She can move her arm, she just don't do it when someone is watching. She wanted a drink so I gave her a bottle of water and tried to hide behind the door to see if she will open it. She watched me walk out the room and said, "I know you are there. I can see your shadow." She never once tried opening the bottle while I was standing there. Anything that requires her to use both hands she won't do if someone is around. She opened a pudding cup the other day, a bottle of water, she uses both hands to support herself while using the bathroom, played with her Nintendo DS last night and climbed into my bed this morning which is high, and requires her to use both hands all without whining out so I know there is no actual pain. In fact yesterday we were playing and I grabbed her hand, raised it above her head and shook it so her entire hand and arm shook. She had no reaction what so ever. After I did that I asked her if her arm and hand still hurt in which she responded, yes and asked her why she didn't cry when I shook her arm. That is when she grabbed her arm and started to cry saying it hurt.

I told her that if we go to the dr.'s and he says there is nothing wrong, I will be extremely disappointed in her and will have a hard time believing her if she says something hurts. I also told her that she will have tv rights, her dolls or something she really enjoys doing taken away because it cost money to go to the Dr.'s and it is not nice to lie. I said if there was something wrong, they could possibly give her yucky medicine to take like the one she has been taking for Strep. She just doesn't seem to care.

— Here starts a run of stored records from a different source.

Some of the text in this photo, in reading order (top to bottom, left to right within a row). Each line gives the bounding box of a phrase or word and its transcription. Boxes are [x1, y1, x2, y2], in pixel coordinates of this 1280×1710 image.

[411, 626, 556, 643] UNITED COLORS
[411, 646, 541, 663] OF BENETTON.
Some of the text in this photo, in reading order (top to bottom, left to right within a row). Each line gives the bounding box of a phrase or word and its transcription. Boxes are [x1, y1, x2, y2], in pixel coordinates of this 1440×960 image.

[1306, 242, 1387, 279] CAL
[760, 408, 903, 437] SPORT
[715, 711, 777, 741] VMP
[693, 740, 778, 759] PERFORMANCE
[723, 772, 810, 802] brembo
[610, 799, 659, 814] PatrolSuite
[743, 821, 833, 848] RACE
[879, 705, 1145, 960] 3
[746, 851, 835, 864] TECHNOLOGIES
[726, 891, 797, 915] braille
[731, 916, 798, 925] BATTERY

I also don't reward her after a Dr.'s visit other then praise. The most she gets is a sticker from the nurse and a, "You did a good job, I'm proud of you" from me.

For being 5, she is very aware of the things she does.

She just came to me sayin she wanted to play computer. I told her if her arm hurts, she needs to be in bed and rest. She can't play computer with a hurt arm. She got mad at me, walked away and hit the couch...with her "hurt arm." That just verifies she def. doesn't have any pain what so ever but won't give up the act.


----------



## DreamWarrior (May 10, 2011)

> Originally Posted by *Galaciel21* /img/forum/go_quote.gif
> 
> She got mad at me, walked away and hit the couch...with her "hurt arm." That just verifies she def. doesn't have any pain what so ever but won't give up the act.



LOL! I'm sorry - but that was too funny!




 Kids!

Stick to your guns.  You'll get thru it.  Keep an eye on that arm tho - she probably cant distinguish pain from an injury from pain like soreness or a pinched nerve (tingly numb feelings).

If you guys get thru the day and she continues with the act tomorrow - you might need to solicit the help of a friend or child psychologist to talk to her.  She might not want to open up to you, but would be willing to open up to someone else.  For all you know - she might be retaliating about something her father did and all she really wants is her fathers attention.


----------



## DreamWarrior (May 10, 2011)

Consider yourself lucky - but be ready.  My daughter turned 2 in April and she has her daddy wrapped around her little finger (ah, who's kidding she has me too - I cant lie).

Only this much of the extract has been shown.